Kauf dir etwas zu essen und such dir einen Job,
stand darauf.
     
    Merediths zwanzig Dollar reichten für sieben Vier-Liter-Kartons Vollmilch. Eine Woche lang kaufte ich jeden Morgen einen im Laden an der Ecke und trank die cremige Flüssigkeit langsam über den Tag verteilt, während ich zwischen städtischen Parks und Schulhöfen umherschlenderte und die hiesige Pflanzenwelt in Augenschein nahm.

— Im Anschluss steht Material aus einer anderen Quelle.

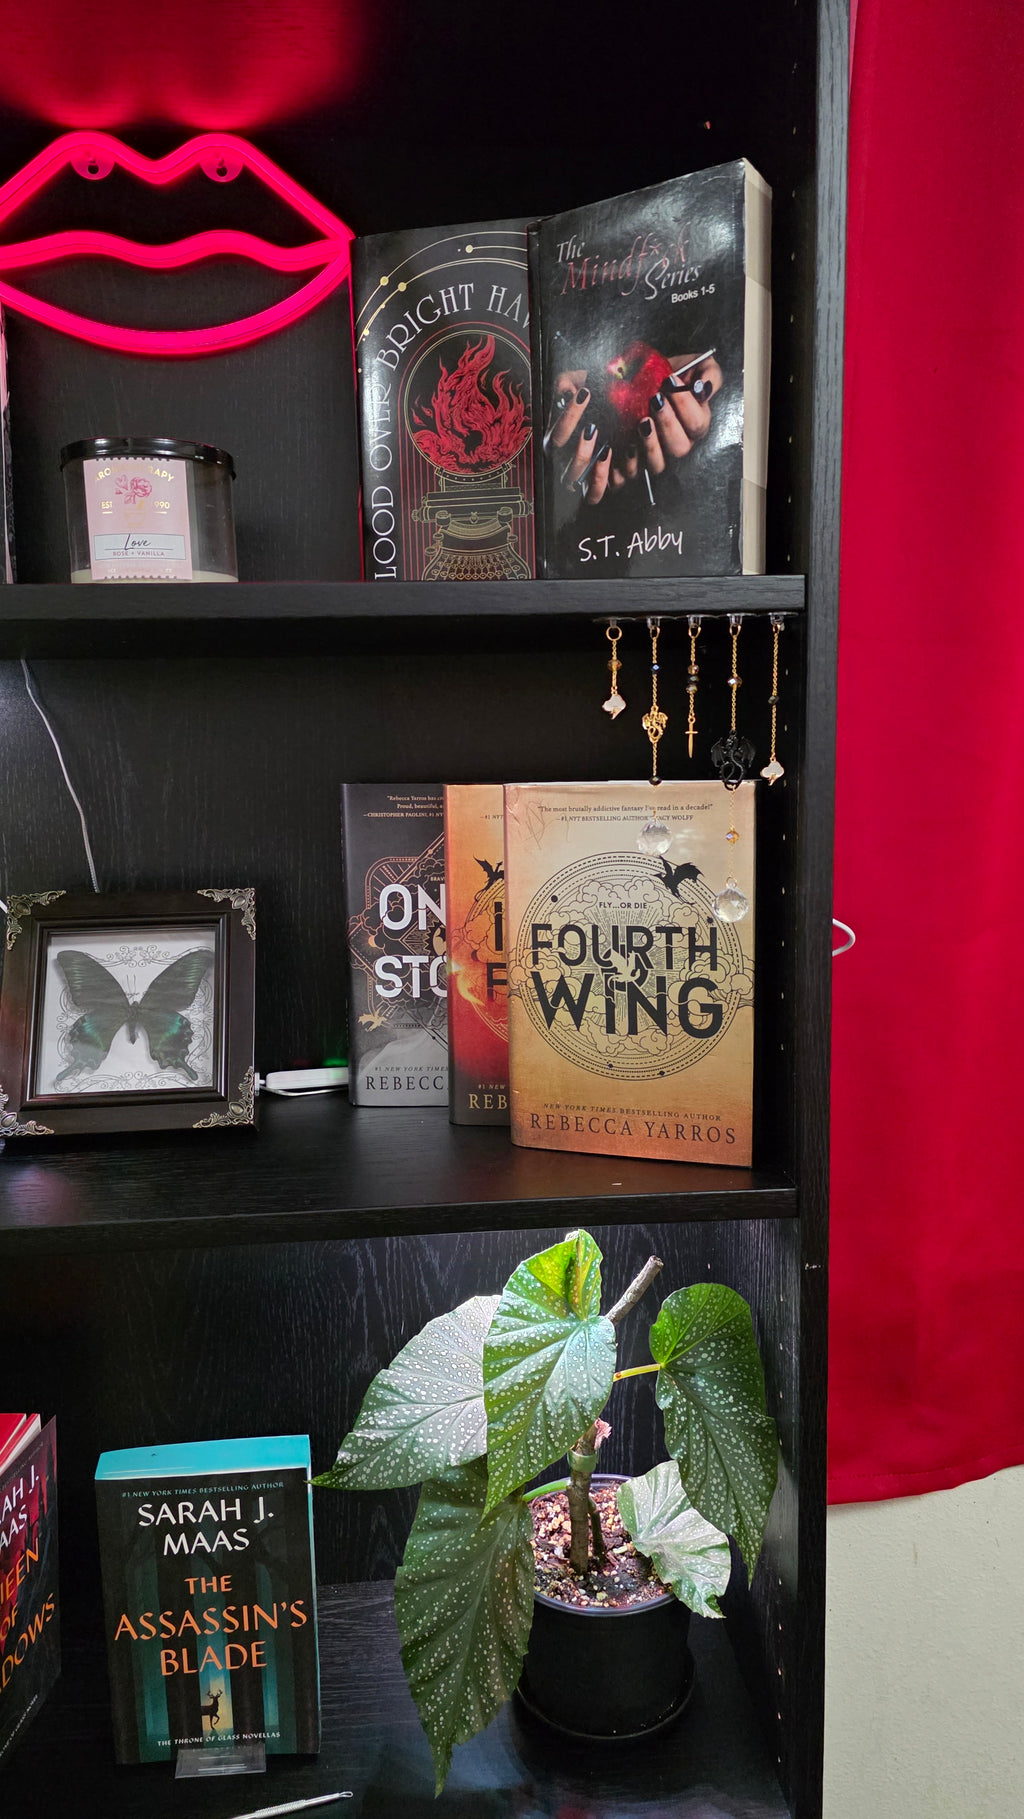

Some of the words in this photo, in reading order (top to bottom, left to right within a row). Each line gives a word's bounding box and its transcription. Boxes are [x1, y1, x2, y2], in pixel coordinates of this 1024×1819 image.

[557, 234, 585, 263] The
[644, 257, 702, 300] Series
[671, 289, 699, 303] Books
[700, 284, 716, 297] 1-5
[376, 282, 475, 372] BRIGHT
[369, 383, 393, 472] OVER
[154, 501, 171, 510] 990
[124, 533, 151, 551] Love
[578, 535, 620, 562] S.T.
[627, 526, 683, 558] Abby
[569, 805, 591, 813] brutally
[593, 804, 620, 812] addictive
[621, 804, 643, 812] fantasy
[634, 901, 648, 910] DIE
[531, 923, 718, 972] FOURTH
[530, 970, 724, 1040] WING
[366, 1076, 448, 1091] REBECC
[530, 1113, 633, 1136] REBECCA
[645, 1121, 736, 1144] YARROS
[590, 1106, 616, 1114] TIMES
[619, 1108, 680, 1118] BESTSELLING
[684, 1113, 721, 1121] AUTHOR
[0, 1477, 24, 1525] AH
[29, 1464, 40, 1494] J.
[199, 1485, 249, 1494] BESTSELLING
[251, 1481, 284, 1490] AUTHOR
[138, 1498, 241, 1527] SARAH
[253, 1496, 274, 1524] J.
[163, 1528, 250, 1556] MAAS
[184, 1575, 233, 1595] THE
[0, 1602, 19, 1641] OF
[114, 1600, 308, 1641] ASSASSIN'S
[0, 1592, 55, 1694] DOWS
[160, 1640, 268, 1676] BLADE
[174, 1737, 204, 1745] THRONE
[217, 1734, 240, 1742] GLASS

Da ich noch nie so nah am Meer gewohnt hatte, hatte ich mit einer fremdartigen Landschaft gerechnet. Ich hatte erwartet, dass der dichte Morgennebel, der nur wenige Zentimeter über dem Boden waberte, eine Unzahl von Pflanzen hervorbringen würde, die ich noch nicht kannte. Doch bis auf gewaltige Ansammlungen von Aloe am Ufer, deren lange, rote Blüten in den Himmel aufragten, entdeckte ich erstaunlich wenig Neues. Das Viertel wurde von den gleichen Importpflanzen – Wandelröschen, Bougainvillea, Nachtschattengewächse und Brunnenkresse – geprägt, die ich in Gärten und Gärtnereien überall an der Bucht gesehen hatte. Nur in ihren Dimensionen unterschieden sie sich.